===== Record extracts =====

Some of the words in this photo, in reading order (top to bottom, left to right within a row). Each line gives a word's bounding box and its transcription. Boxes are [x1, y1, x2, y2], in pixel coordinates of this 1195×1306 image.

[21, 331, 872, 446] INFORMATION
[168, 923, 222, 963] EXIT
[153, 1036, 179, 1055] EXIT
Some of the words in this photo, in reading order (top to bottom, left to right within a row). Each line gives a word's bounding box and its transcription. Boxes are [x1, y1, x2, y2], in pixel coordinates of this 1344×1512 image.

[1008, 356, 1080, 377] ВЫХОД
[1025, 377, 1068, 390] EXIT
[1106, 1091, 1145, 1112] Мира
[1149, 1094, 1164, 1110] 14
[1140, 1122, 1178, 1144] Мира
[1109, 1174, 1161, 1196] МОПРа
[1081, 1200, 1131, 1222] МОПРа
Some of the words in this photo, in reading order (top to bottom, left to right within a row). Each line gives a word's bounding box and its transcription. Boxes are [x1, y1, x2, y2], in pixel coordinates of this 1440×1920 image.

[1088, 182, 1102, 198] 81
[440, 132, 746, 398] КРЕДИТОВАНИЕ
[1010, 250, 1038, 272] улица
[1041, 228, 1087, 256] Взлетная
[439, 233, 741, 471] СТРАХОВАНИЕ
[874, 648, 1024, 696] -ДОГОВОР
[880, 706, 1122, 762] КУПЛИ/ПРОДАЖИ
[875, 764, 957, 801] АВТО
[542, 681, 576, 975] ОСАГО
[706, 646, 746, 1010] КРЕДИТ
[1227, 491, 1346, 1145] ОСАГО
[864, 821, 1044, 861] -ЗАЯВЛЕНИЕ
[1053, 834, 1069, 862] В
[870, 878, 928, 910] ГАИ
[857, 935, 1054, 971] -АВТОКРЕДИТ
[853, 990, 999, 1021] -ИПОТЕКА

=====

Task prompt: Reproduce every record, making sure each one stays exactly the same.

Task result:
Some of the words in this photo, in reading order (top to bottom, left to right within a row). Each line gives a word's bounding box and its transcription. Boxes are [x1, y1, x2, y2], in pixel coordinates of this 1195×1306 image.

[21, 331, 872, 446] INFORMATION
[168, 923, 222, 963] EXIT
[153, 1036, 179, 1055] EXIT
Some of the words in this photo, in reading order (top to bottom, left to right within a row). Each line gives a word's bounding box and its transcription. Boxes are [x1, y1, x2, y2], in pixel coordinates of this 1344×1512 image.

[1008, 356, 1080, 377] ВЫХОД
[1025, 377, 1068, 390] EXIT
[1106, 1091, 1145, 1112] Мира
[1149, 1094, 1164, 1110] 14
[1140, 1122, 1178, 1144] Мира
[1109, 1174, 1161, 1196] МОПРа
[1081, 1200, 1131, 1222] МОПРа
Some of the words in this photo, in reading order (top to bottom, left to right within a row). Each line gives a word's bounding box and its transcription. Boxes are [x1, y1, x2, y2], in pixel coordinates of this 1440×1920 image.

[1088, 182, 1102, 198] 81
[440, 132, 746, 398] КРЕДИТОВАНИЕ
[1010, 250, 1038, 272] улица
[1041, 228, 1087, 256] Взлетная
[439, 233, 741, 471] СТРАХОВАНИЕ
[874, 648, 1024, 696] -ДОГОВОР
[880, 706, 1122, 762] КУПЛИ/ПРОДАЖИ
[875, 764, 957, 801] АВТО
[542, 681, 576, 975] ОСАГО
[706, 646, 746, 1010] КРЕДИТ
[1227, 491, 1346, 1145] ОСАГО
[864, 821, 1044, 861] -ЗАЯВЛЕНИЕ
[1053, 834, 1069, 862] В
[870, 878, 928, 910] ГАИ
[857, 935, 1054, 971] -АВТОКРЕДИТ
[853, 990, 999, 1021] -ИПОТЕКА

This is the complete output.